Shell Lake Municipal Airport  is a city owned public use airport located one nautical mile (2 km) southeast of the central business district of Shell Lake, a city in Washburn County, Wisconsin, United States. It is included in the Federal Aviation Administration (FAA) National Plan of Integrated Airport Systems for 2021–2025, in which it is categorized as a basic general aviation facility.

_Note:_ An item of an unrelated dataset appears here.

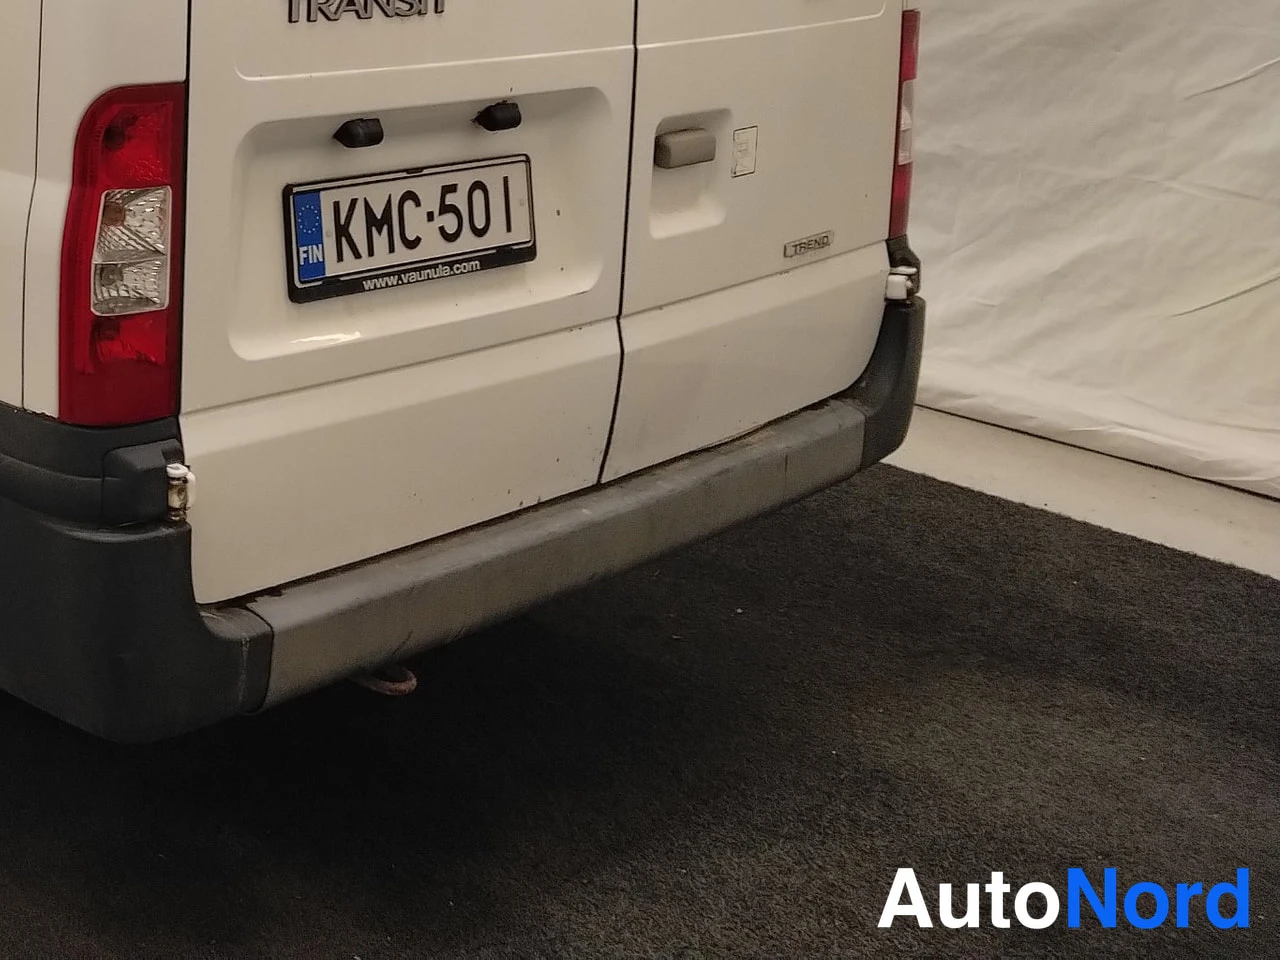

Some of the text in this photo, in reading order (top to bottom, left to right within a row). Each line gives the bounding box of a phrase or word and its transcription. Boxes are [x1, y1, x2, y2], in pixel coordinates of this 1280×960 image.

Although most U.S. airports use the same three-letter location identifier for the FAA and IATA, this airport is assigned SSQ by the FAA but has no designation from the IATA (which assigned SSQ to La Sarre Airport in La Sarre, Quebec, Canada). The airport's ICAO identifier is KSSQ.

Facilities and aircraft 
Shell Lake Municipal Airport covers an area of 132 acres (53 ha) at an elevation of 1,233 feet (376 m) above mean sea level. It has one runway designated 14/32 with an asphalt surface measuring 3,711 by 75 feet (1,131 x 23 m), with approved GPS approaches.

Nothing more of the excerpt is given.